Victime d’une attaque informatique importante qui force un ralentissement des services de première ligne, le CIUSSS du Centre-Ouest-de-l’Île-de Montréal annonce qu’il a suspendu la connectivité à internet ainsi que l’accès à distance à ses réseaux informatiques.

« Comme l’accès aux dossiers et aux données des patients est actuellement limité, nous avons ralenti les services de première ligne, sans les interrompre, pendant que nous enquêtons au sujet de cette situation avec le soutien de l’équipe de cybersécurité du ministère de la Santé et des services sociaux », précise un communiqué de presse émis peu avant 15 h.

Cette « intrusion relative à la sécurité » survient alors qu’une vague majeure de cyberattaques coordonnées cible des dizaines d’hôpitaux aux États-Unis, et possiblement au Canada. Le ministre de la Santé et des Services sociaux, Christian Dubé, a affirmé en début d’après-midi que les systèmes informatiques du CIUSSS ont rapidement été « fermés » de façon préventive, après la découverte de l’attaque mercredi, pour « protéger les données hospitalières de la population ».

La cyberattaque, que le ministre a qualifiée d' « importante », pourrait avoir touché d'autres « centres que le CIUSSS du Centre-Ouest », mais il n'a pas donné plus de détails. Le gouvernement dit travailler avec la GRC et Microsoft pour évaluer l'impact de la situation.

Le Cybersecurity Infrastructure Security Agency (CISA), en collaboration avec le FBI et le Département de la Santé américain, a publié mercredi un rapport annonçant une vague imminente de cyberattaques utilisant le rançongiciel Ryuk contre le système de santé américain.

Le Centre canadien de la cybersécurité a pour sa part alerté dès le 4 octobre les autorités canadiennes des risques « d’une campagne d’envergure mondiale menée par des exploitants du rançongiciel Ryuk qui pourraient s’en prendre à d’autres secteurs d’activité. »

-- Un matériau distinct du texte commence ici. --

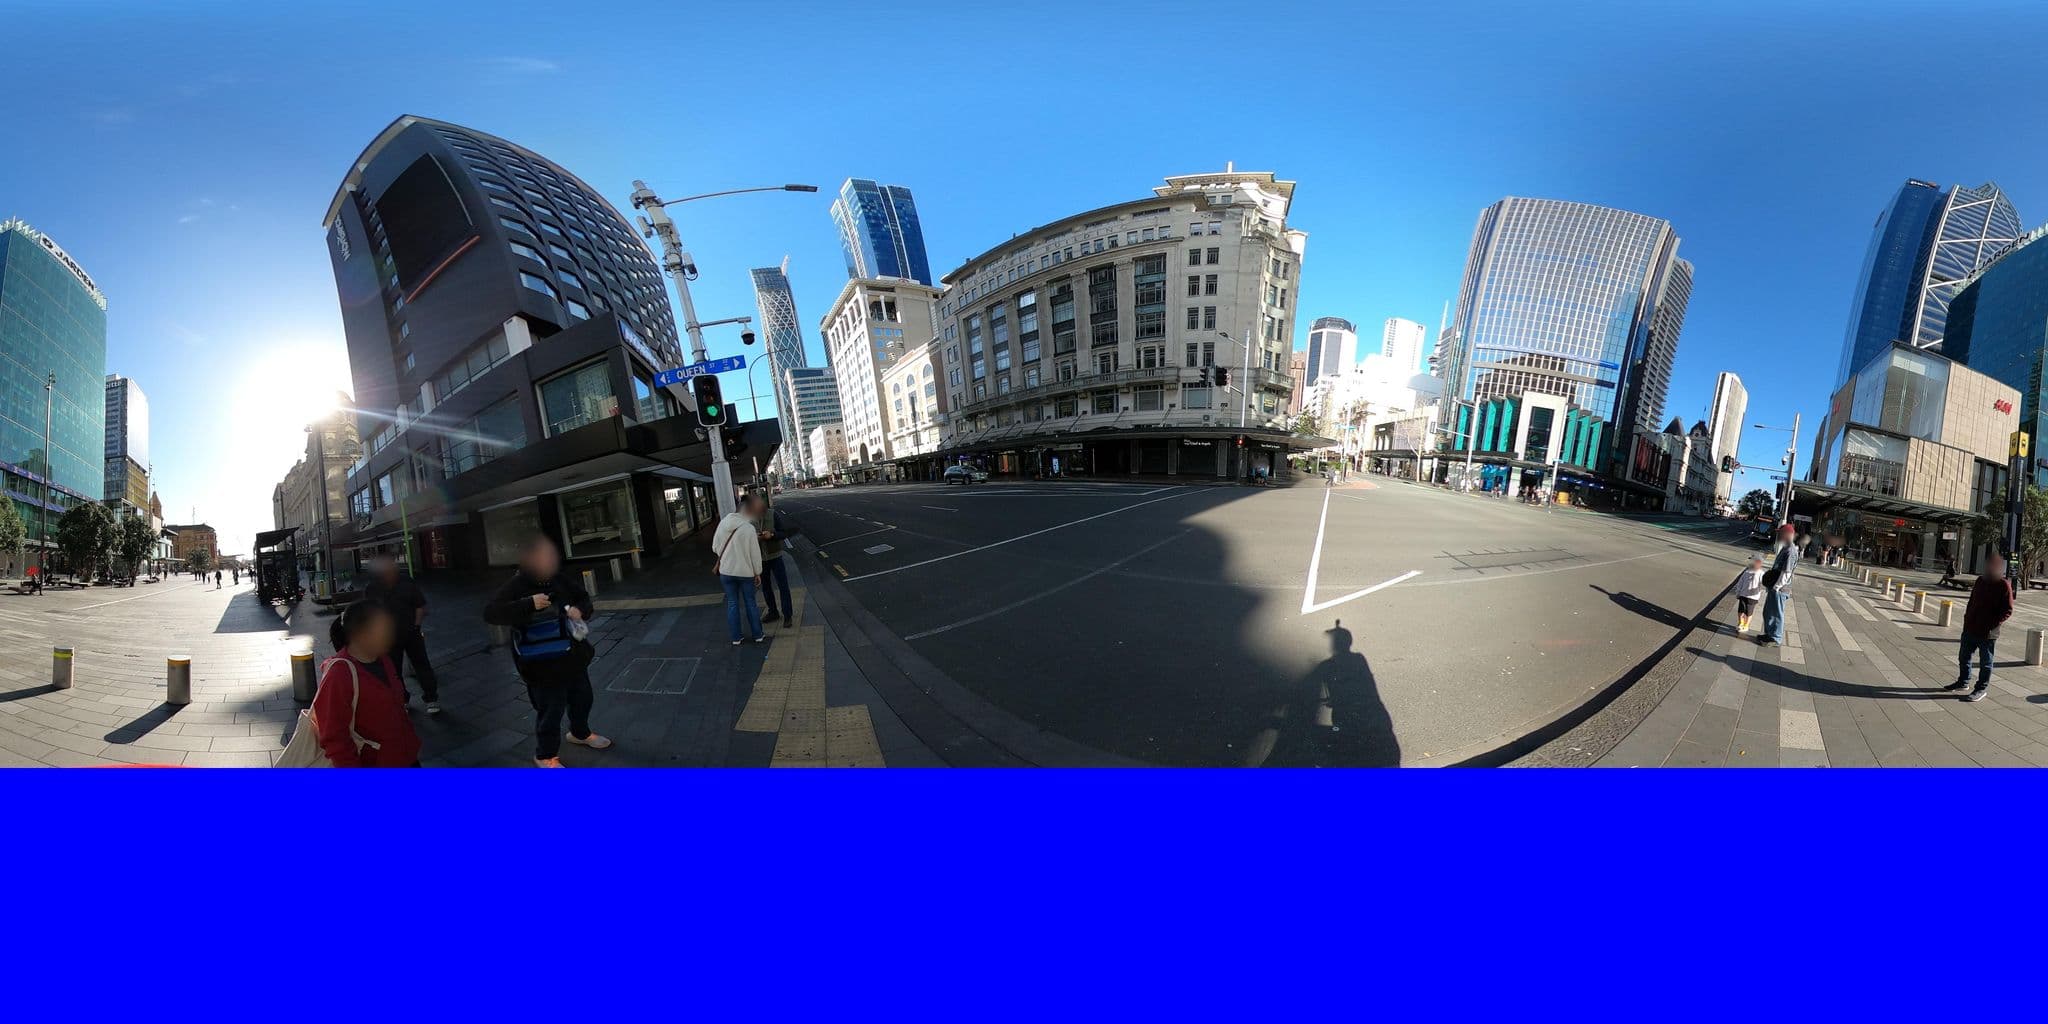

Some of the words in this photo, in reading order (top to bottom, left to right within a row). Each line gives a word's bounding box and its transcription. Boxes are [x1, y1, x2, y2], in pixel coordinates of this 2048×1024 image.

[55, 250, 95, 291] JARDEN
[1978, 232, 2030, 271] JARDEN
[676, 365, 706, 380] QUEEN

« C’est peut-être une coïncidence, mais tout porte à croire que ce qui se passe dans le réseau de la santé du Québec est lié à la vague d’attaques qu’on voit aux États-Unis », estime Alexis Dorais-Joncas, chef d’équipe chez ESET et chercheur sur les logiciels malveillants.

« Si c’est le cas, c’est improbable que la compromission initiale se soit produite hier. C’est plutôt le genre d’attaque où le logiciel malveillant se propage dans les réseaux au fil du temps. Les attaquants réussissent en peu à peu à gagner des privilèges d’administrateur », précise M. Dorais-Joncas. Les logiciels malicieux sont suffisamment sophistiqués pour utiliser un ordinateur infecté comme « pivot » à partir duquel ils s’infiltrent sur d’autres appareils, réseaux et sous-réseau, sans jamais être détectés. « Les attaquants peuvent ainsi planifier le moment où ils vont déployer le logiciel. »

Les cyberattaques de type Ryuk surviennent généralement après que le réseau informatique d’une organisation ait été compromis par deux autres logiciels malveillants appelés Emotet et Trickbot, conçus à l’origine pour faire des vols de données financières et des extractions de mots de passe.

L’attaque en trois phases tente de désactiver ou de désinstaller les logiciels de sécurité du système de la victime afin d’empêcher que cette dernière bloque le raçongiciel », lit-on dans le communiqué du CISA.

Une fois l’attaque en cours, les utilisateurs du rançongiciel déploient d’autres logiciels malveillants pour saisir les données.

Typiquement, les données des disques durs et même les données de sauvegardes sont rendues illisibles par un chiffrement pratiquement impossible à craquer. Un fichier appelé « RyukReadMe », qui contient une adresse de courriel permettant de contacter l’attaquant sur un serveur anonymisé qui ne permet pas de retracer l’endroit où il se trouve. Le pirate tente alors de négocier une rançon en échange de laquelle il redonne accès aux informations qu’il a chiffrées.

Dans certains cas, l’attaque fonctionne moins bien, mais rend les ordinateurs et le réseau des organisations inutilisables. Selon M. Dorais-Joncas, la remise en service des réseaux ciblés par ces attaques peut prendre plusieurs jours, voire des semaines. « On le voit avec ce qui se passe à la STM. Plus d’un millier de leurs serveurs ont été attaqués par un rançongiciel. Même deux semaines après l’attaque, ce n’est pas encore réglé », souligne-t-il.

Les experts en sécurité doivent notamment expertiser chaque appareil et auditer l’ensemble du réseau pour s’assurer qu’ils sont nettoyés des logiciels malveillants avant de tout remettre en fonction.

Le réseau québécois de la santé, qui comporte plusieurs systèmes complexes, de conception de d’âges différents, ferait face à une « tâche colossale » s’il devait être victime de ce genre d’attaque, estime le spécialiste.